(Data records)
=====
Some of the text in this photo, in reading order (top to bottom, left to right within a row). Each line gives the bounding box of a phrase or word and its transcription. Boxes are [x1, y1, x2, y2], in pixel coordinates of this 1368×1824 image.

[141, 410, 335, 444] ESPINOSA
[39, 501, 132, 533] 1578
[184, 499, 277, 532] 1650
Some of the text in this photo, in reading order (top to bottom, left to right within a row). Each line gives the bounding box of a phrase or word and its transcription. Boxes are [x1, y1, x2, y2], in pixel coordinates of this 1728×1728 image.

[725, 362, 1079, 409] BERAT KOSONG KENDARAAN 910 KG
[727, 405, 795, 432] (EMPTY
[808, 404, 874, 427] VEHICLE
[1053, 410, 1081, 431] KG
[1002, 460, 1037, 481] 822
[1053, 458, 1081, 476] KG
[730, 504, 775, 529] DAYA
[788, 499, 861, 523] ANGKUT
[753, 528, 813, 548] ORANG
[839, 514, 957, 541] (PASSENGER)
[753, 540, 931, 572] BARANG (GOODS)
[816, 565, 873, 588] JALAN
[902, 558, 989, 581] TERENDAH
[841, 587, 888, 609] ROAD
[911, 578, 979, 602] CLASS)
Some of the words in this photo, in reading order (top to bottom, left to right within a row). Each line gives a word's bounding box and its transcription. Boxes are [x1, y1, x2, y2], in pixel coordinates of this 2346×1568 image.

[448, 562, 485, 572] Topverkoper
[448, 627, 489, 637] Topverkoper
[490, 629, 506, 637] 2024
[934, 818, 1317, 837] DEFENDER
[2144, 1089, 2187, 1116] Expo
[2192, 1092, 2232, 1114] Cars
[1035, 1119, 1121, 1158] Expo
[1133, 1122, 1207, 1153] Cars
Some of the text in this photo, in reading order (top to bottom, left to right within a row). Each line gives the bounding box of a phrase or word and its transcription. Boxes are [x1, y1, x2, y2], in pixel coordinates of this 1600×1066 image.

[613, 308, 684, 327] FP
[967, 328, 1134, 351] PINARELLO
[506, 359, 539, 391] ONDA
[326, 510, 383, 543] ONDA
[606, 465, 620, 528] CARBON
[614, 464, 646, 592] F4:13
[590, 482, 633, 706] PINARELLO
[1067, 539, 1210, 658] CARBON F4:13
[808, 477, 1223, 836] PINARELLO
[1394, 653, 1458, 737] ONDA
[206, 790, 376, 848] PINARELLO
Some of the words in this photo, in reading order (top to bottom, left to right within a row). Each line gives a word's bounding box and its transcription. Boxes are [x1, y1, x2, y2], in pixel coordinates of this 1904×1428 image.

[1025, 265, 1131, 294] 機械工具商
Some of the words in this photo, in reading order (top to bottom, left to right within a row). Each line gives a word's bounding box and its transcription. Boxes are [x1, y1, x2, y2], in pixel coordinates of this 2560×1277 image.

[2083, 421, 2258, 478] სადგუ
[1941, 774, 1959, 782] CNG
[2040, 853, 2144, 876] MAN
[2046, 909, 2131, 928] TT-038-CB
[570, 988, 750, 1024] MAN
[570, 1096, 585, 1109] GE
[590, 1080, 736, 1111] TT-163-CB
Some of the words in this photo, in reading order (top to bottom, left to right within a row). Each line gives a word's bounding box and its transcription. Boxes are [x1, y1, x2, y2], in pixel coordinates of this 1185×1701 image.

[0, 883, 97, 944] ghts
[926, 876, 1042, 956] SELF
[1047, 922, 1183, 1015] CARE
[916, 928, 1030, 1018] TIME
=====
WHAT YOU SHOULD DO. Exactly as they appear above, copy out all the records.

REPLY.
Some of the text in this photo, in reading order (top to bottom, left to right within a row). Each line gives the bounding box of a phrase or word and its transcription. Boxes are [x1, y1, x2, y2], in pixel coordinates of this 1368×1824 image.

[141, 410, 335, 444] ESPINOSA
[39, 501, 132, 533] 1578
[184, 499, 277, 532] 1650
Some of the text in this photo, in reading order (top to bottom, left to right within a row). Each line gives the bounding box of a phrase or word and its transcription. Boxes are [x1, y1, x2, y2], in pixel coordinates of this 1728×1728 image.

[725, 362, 1079, 409] BERAT KOSONG KENDARAAN 910 KG
[727, 405, 795, 432] (EMPTY
[808, 404, 874, 427] VEHICLE
[1053, 410, 1081, 431] KG
[1002, 460, 1037, 481] 822
[1053, 458, 1081, 476] KG
[730, 504, 775, 529] DAYA
[788, 499, 861, 523] ANGKUT
[753, 528, 813, 548] ORANG
[839, 514, 957, 541] (PASSENGER)
[753, 540, 931, 572] BARANG (GOODS)
[816, 565, 873, 588] JALAN
[902, 558, 989, 581] TERENDAH
[841, 587, 888, 609] ROAD
[911, 578, 979, 602] CLASS)
Some of the words in this photo, in reading order (top to bottom, left to right within a row). Each line gives a word's bounding box and its transcription. Boxes are [x1, y1, x2, y2], in pixel coordinates of this 2346×1568 image.

[448, 562, 485, 572] Topverkoper
[448, 627, 489, 637] Topverkoper
[490, 629, 506, 637] 2024
[934, 818, 1317, 837] DEFENDER
[2144, 1089, 2187, 1116] Expo
[2192, 1092, 2232, 1114] Cars
[1035, 1119, 1121, 1158] Expo
[1133, 1122, 1207, 1153] Cars
Some of the text in this photo, in reading order (top to bottom, left to right within a row). Each line gives the bounding box of a phrase or word and its transcription. Boxes are [x1, y1, x2, y2], in pixel coordinates of this 1600×1066 image.

[613, 308, 684, 327] FP
[967, 328, 1134, 351] PINARELLO
[506, 359, 539, 391] ONDA
[326, 510, 383, 543] ONDA
[606, 465, 620, 528] CARBON
[614, 464, 646, 592] F4:13
[590, 482, 633, 706] PINARELLO
[1067, 539, 1210, 658] CARBON F4:13
[808, 477, 1223, 836] PINARELLO
[1394, 653, 1458, 737] ONDA
[206, 790, 376, 848] PINARELLO
Some of the words in this photo, in reading order (top to bottom, left to right within a row). Each line gives a word's bounding box and its transcription. Boxes are [x1, y1, x2, y2], in pixel coordinates of this 1904×1428 image.

[1025, 265, 1131, 294] 機械工具商
Some of the words in this photo, in reading order (top to bottom, left to right within a row). Each line gives a word's bounding box and its transcription. Boxes are [x1, y1, x2, y2], in pixel coordinates of this 2560×1277 image.

[2083, 421, 2258, 478] სადგუ
[1941, 774, 1959, 782] CNG
[2040, 853, 2144, 876] MAN
[2046, 909, 2131, 928] TT-038-CB
[570, 988, 750, 1024] MAN
[570, 1096, 585, 1109] GE
[590, 1080, 736, 1111] TT-163-CB
Some of the words in this photo, in reading order (top to bottom, left to right within a row). Each line gives a word's bounding box and its transcription. Boxes are [x1, y1, x2, y2], in pixel coordinates of this 1185×1701 image.

[0, 883, 97, 944] ghts
[926, 876, 1042, 956] SELF
[1047, 922, 1183, 1015] CARE
[916, 928, 1030, 1018] TIME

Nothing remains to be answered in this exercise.